By acquiring CORI information that was not for legitimate law enforcement purposes, Szymanski violated the Massachusetts rules of professional conduct for lawyers, the Board of Bar Overseers ruled. His public reprimand stays on his record as an attorney, but there was no other punishment levied against him.
“All of a sudden it became a problem for you to do that,” Szymanski said of his use of CORI records. “And they cracked down on it, and I got caught in the crosshairs. And I suffered the consequences.”

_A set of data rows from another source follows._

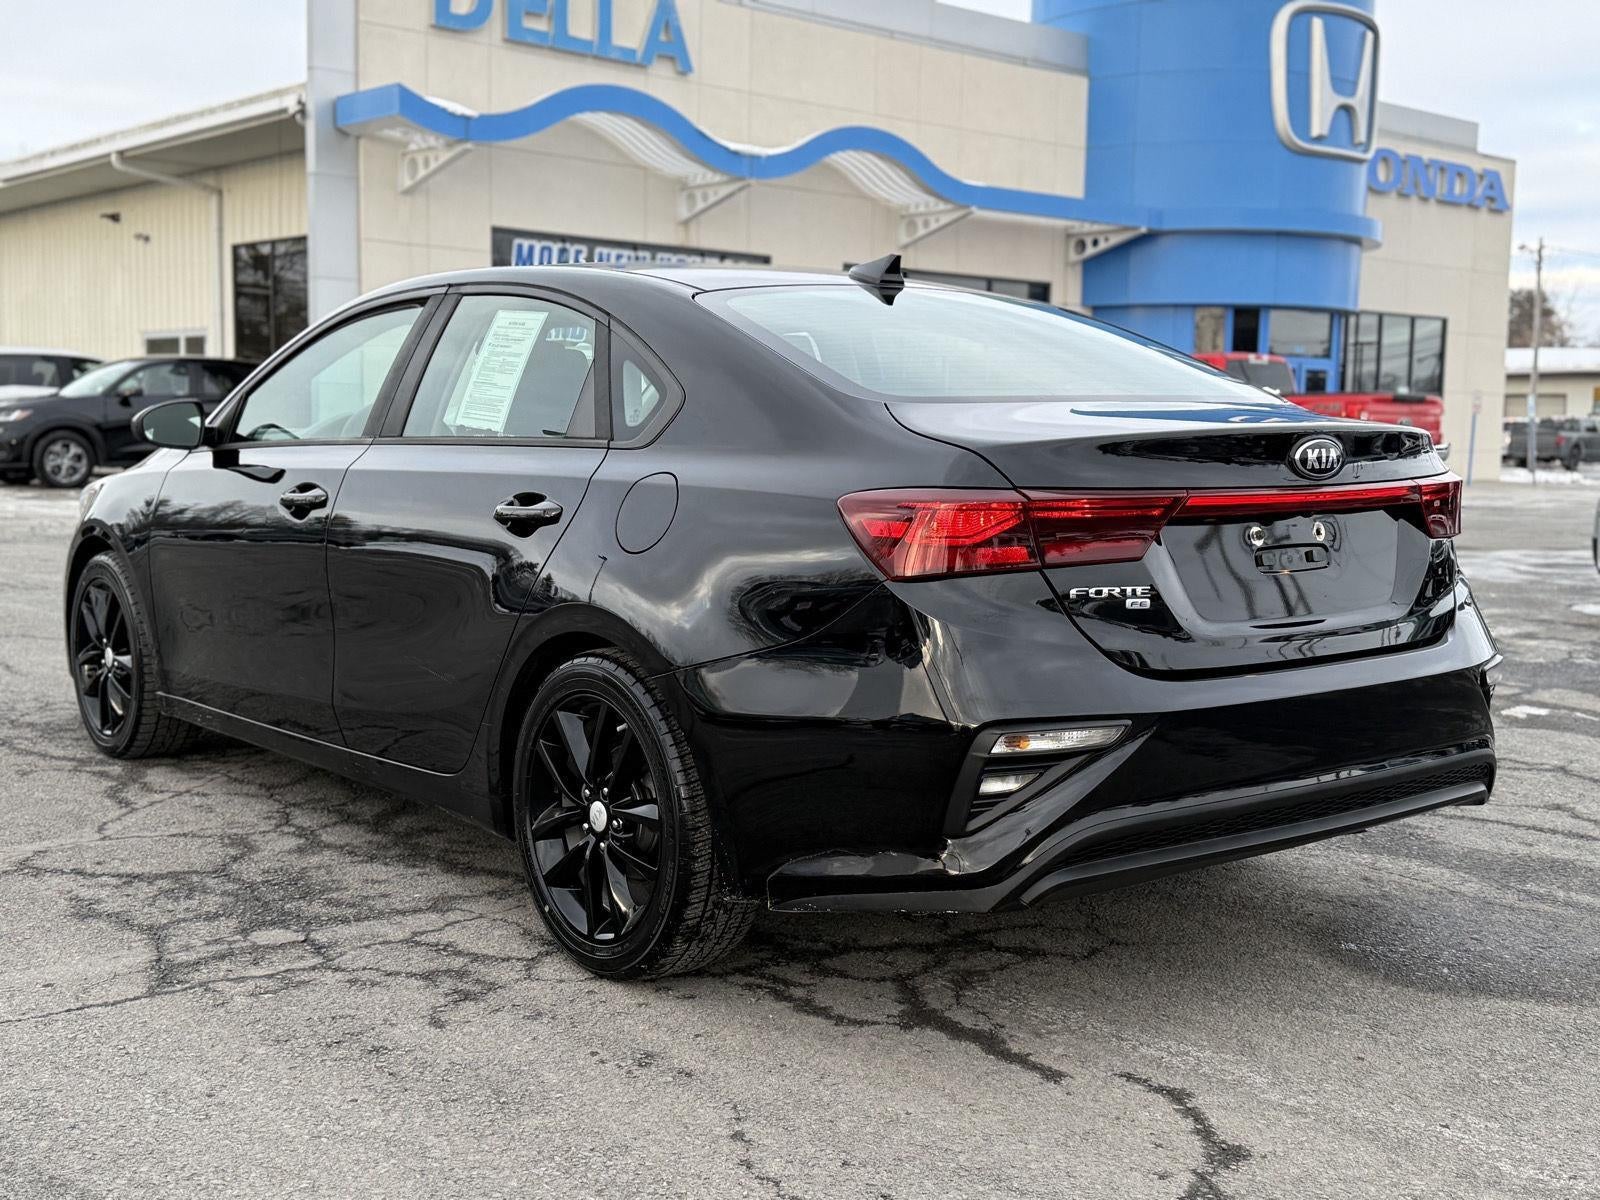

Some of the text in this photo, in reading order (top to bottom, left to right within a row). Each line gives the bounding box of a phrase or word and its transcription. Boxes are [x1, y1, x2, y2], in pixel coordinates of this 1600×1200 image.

[1367, 147, 1511, 213] ONDA
[1306, 447, 1338, 470] KIA
[1069, 586, 1151, 599] FORTE
[1129, 600, 1149, 609] FE
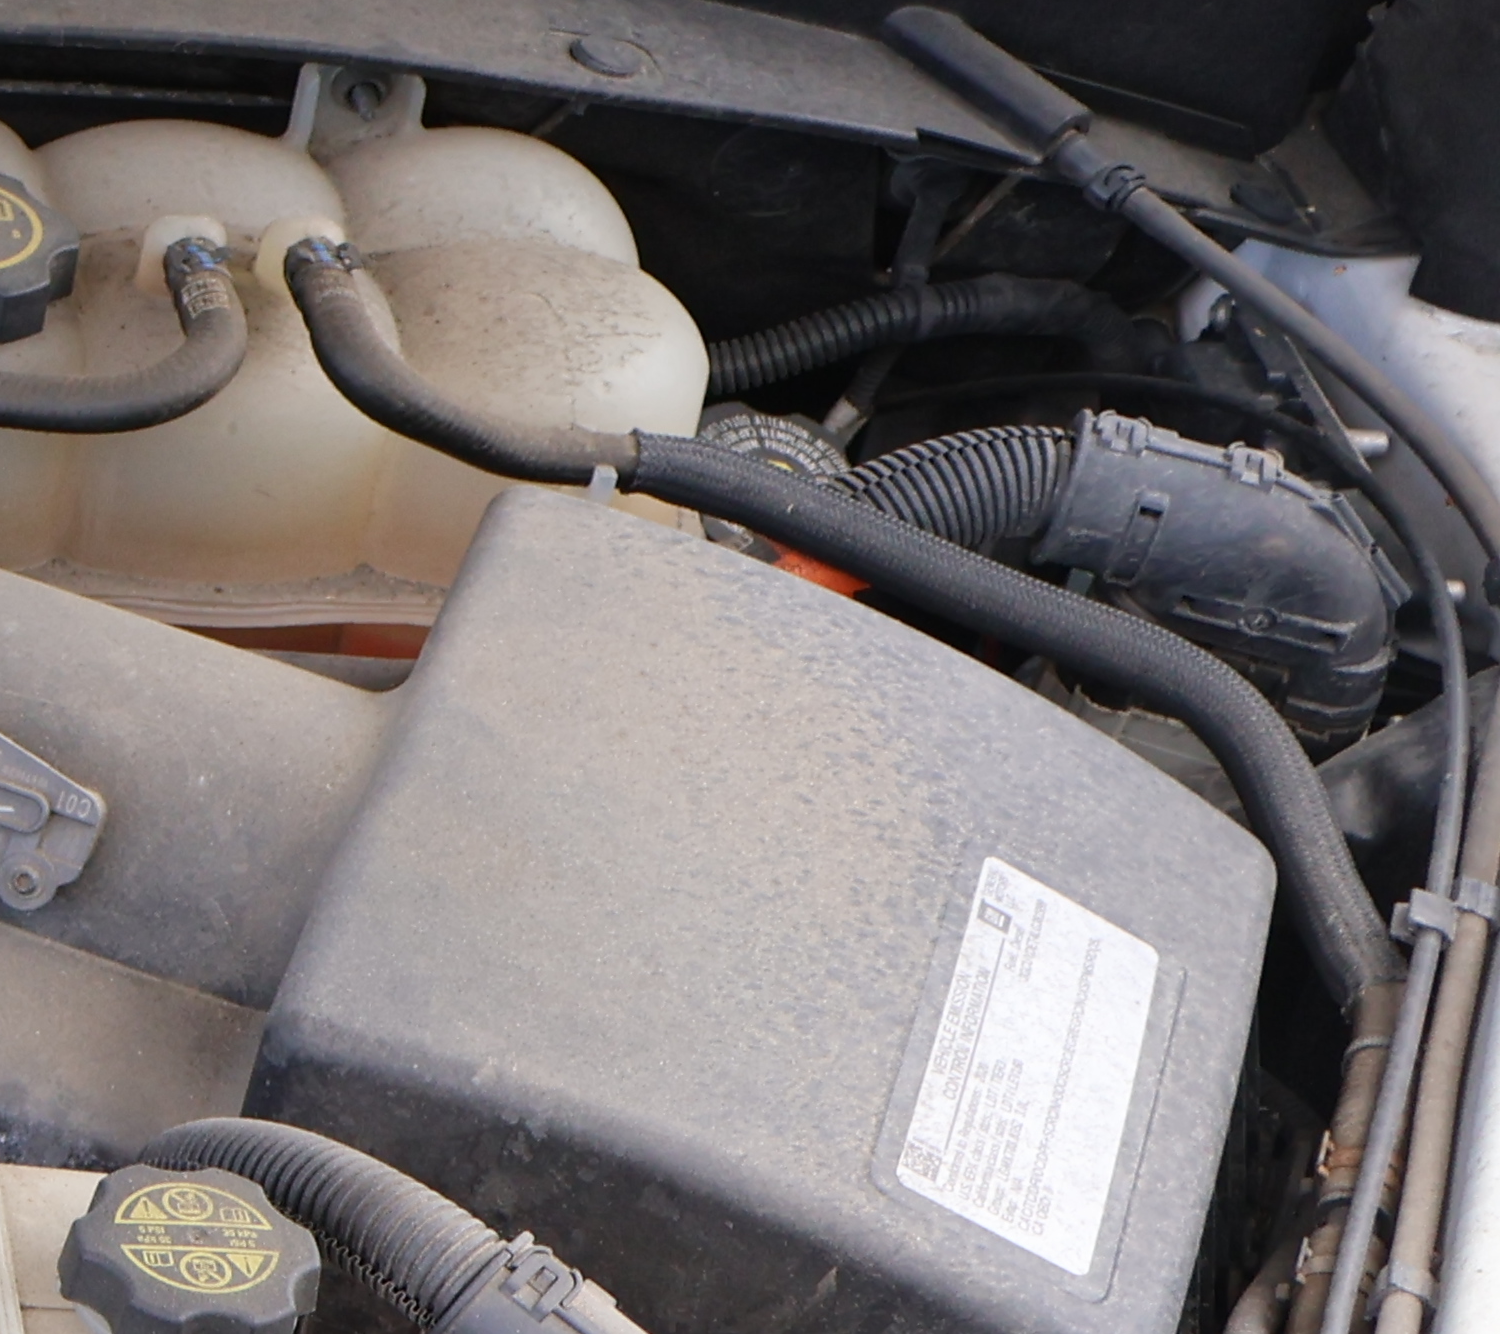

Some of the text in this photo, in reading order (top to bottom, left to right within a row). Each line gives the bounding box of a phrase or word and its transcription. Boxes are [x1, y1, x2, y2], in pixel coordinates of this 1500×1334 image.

[933, 971, 970, 1074] VEHICLE EMISSION
[943, 966, 989, 1099] CONTROL INFORMATION
[944, 1150, 964, 1191] Conforms
[971, 1139, 985, 1161] class
[973, 1165, 994, 1207] California
[986, 1143, 1000, 1166] class

Szymanski said when he got caught he told the truth. “I never lied to the State Police,” he said. “I told them what I did. When they asked me questions about it, I never gave them any misinformation. And they reported me to the bar. And I got a public reprimand.”
State Police spokesman David Procopio said law enforcement personnel are trained to access CORI records only for law enforcement purposes. “Access to CORI information for non-law enforcement purposes is not a common practice,” Procopio said. “It is obviously not condoned by the department, and whenever the department has learned it has occurred, it has conducted internal investigations and taken appropriate action.”Szymanski said he was honorably discharged from the state police after 20 years of service, and that his retirement had nothing to do with his reprimand. “I was eligible for a pension after 20 years, and it was my plan all along to retire at that time,” he said.
The reprimand of Szymanski comes at a time when the State Police are reeling from the prosecution of a number of troopers for illegally collecting overtime.